> [About this exercise]:
Each line below should be repeated exactly as written, with no pictures carried over.

> [Source data]:
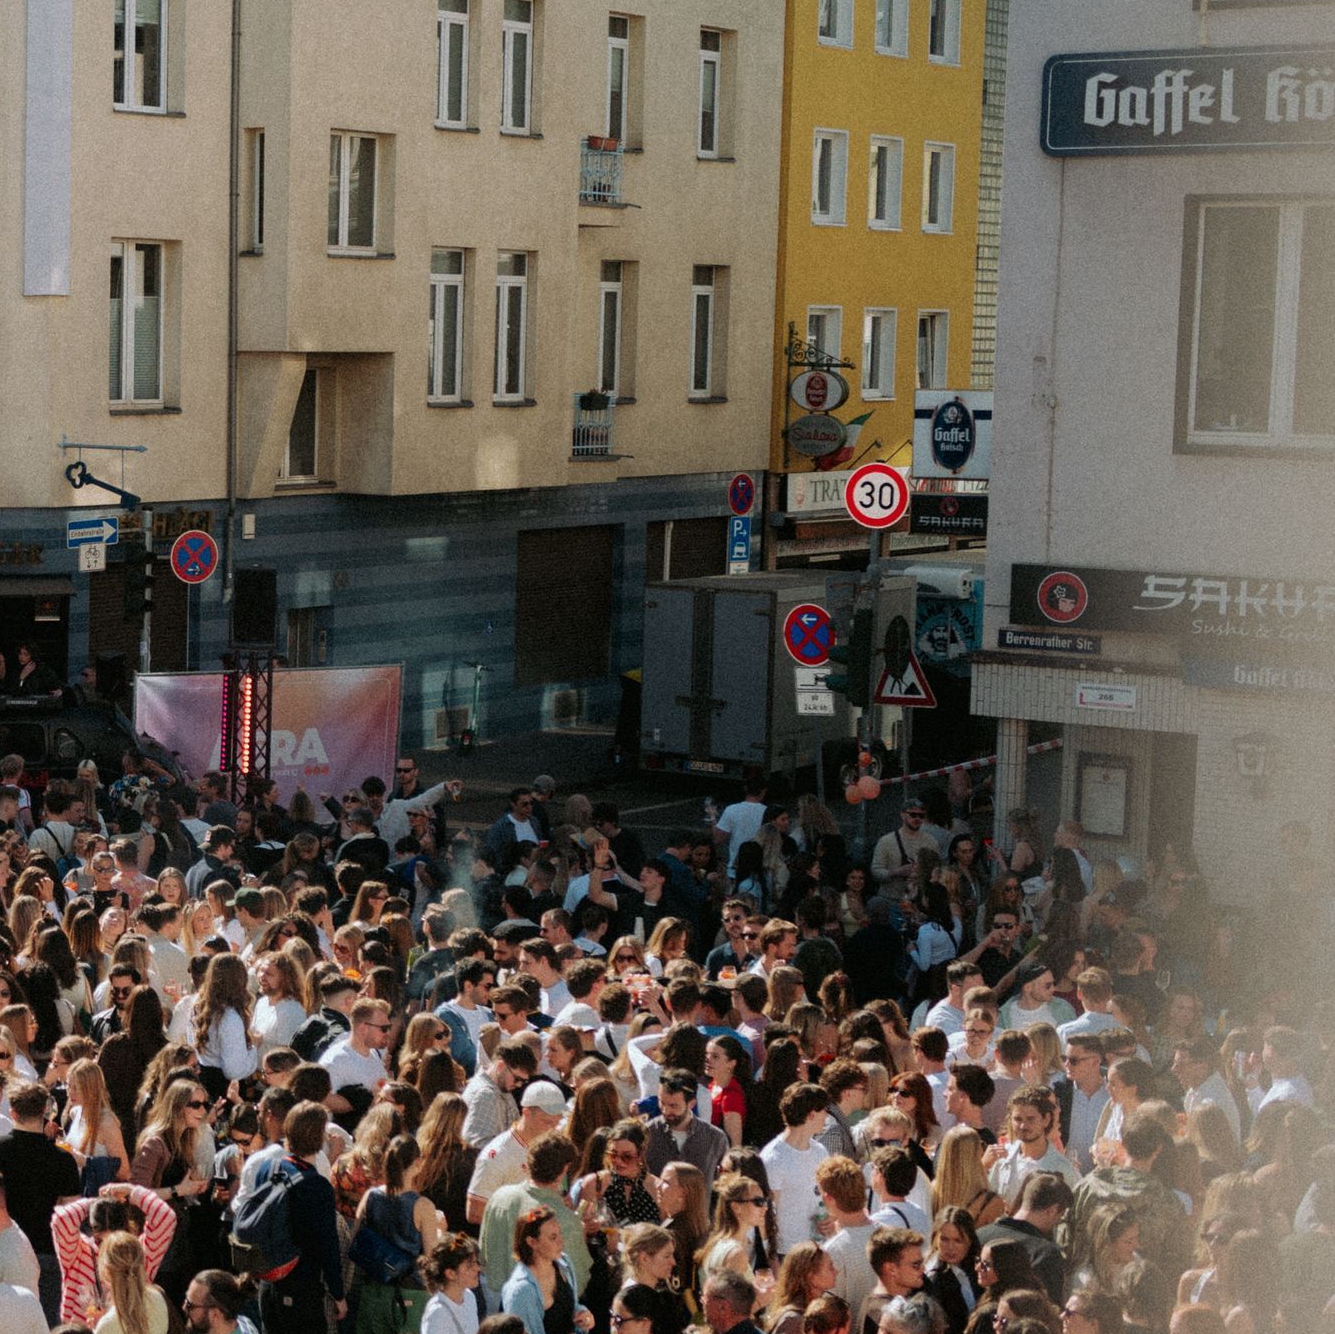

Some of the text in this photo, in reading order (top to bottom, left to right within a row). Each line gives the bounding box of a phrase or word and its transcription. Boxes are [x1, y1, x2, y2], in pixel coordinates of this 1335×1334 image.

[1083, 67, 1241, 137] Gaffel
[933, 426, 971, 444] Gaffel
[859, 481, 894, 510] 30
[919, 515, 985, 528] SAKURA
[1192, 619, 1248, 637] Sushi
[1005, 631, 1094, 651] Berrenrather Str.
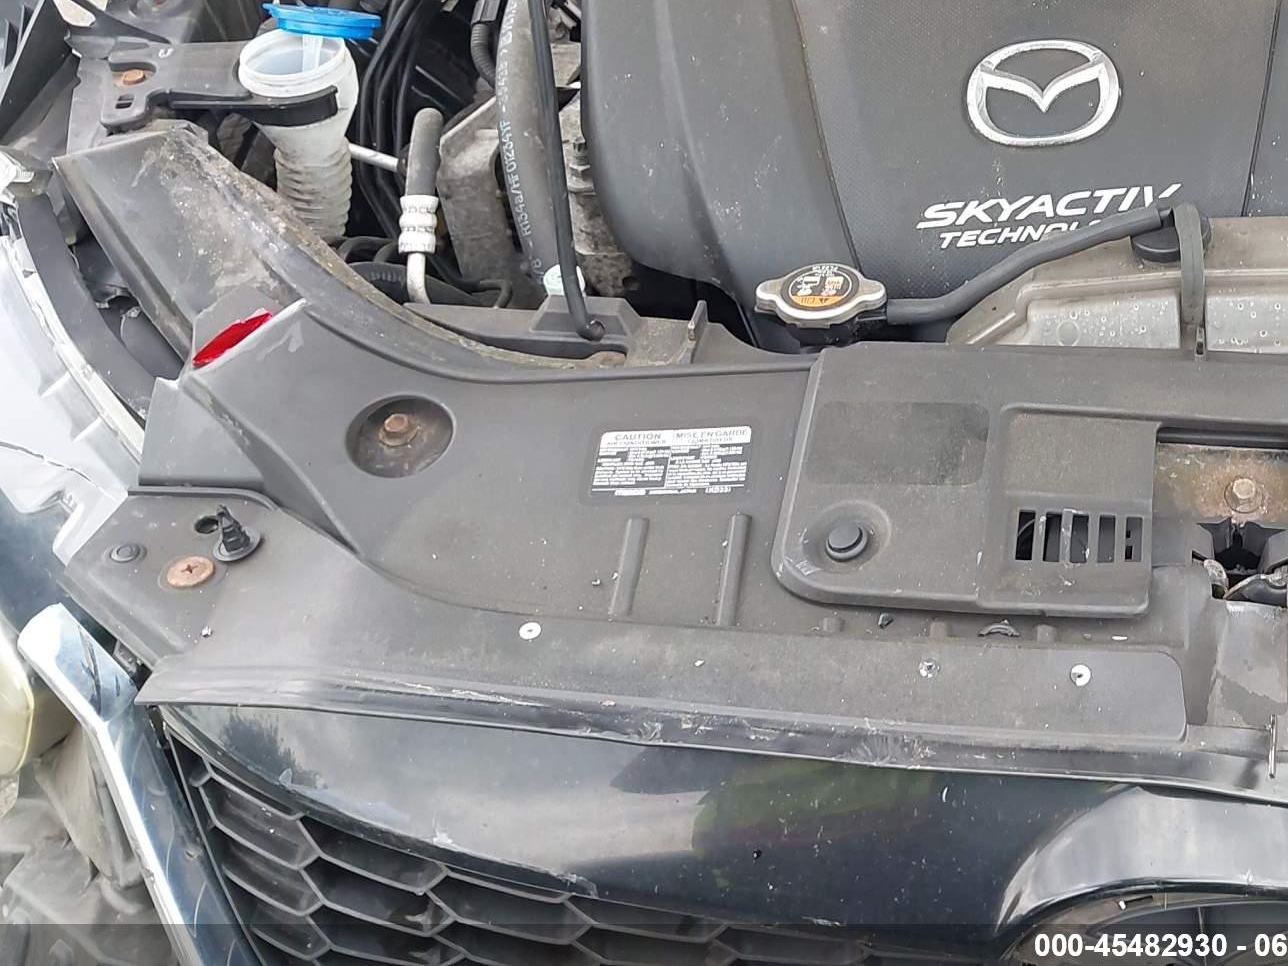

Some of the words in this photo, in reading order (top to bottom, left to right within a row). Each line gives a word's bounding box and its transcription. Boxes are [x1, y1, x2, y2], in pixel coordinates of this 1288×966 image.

> [Answer to this problem]:
Some of the text in this photo, in reading order (top to bottom, left to right within a row). Each line gives the bounding box of a phrase or word and its transcription. Boxes are [x1, y1, x2, y2], in pixel coordinates of this 1335×1334 image.

[1083, 67, 1241, 137] Gaffel
[933, 426, 971, 444] Gaffel
[859, 481, 894, 510] 30
[919, 515, 985, 528] SAKURA
[1192, 619, 1248, 637] Sushi
[1005, 631, 1094, 651] Berrenrather Str.

Some of the words in this photo, in reading order (top to bottom, left to right within a row). Each line gives a word's bounding box and its transcription. Boxes are [x1, y1, x2, y2], in pixel coordinates of this 1288×966 image.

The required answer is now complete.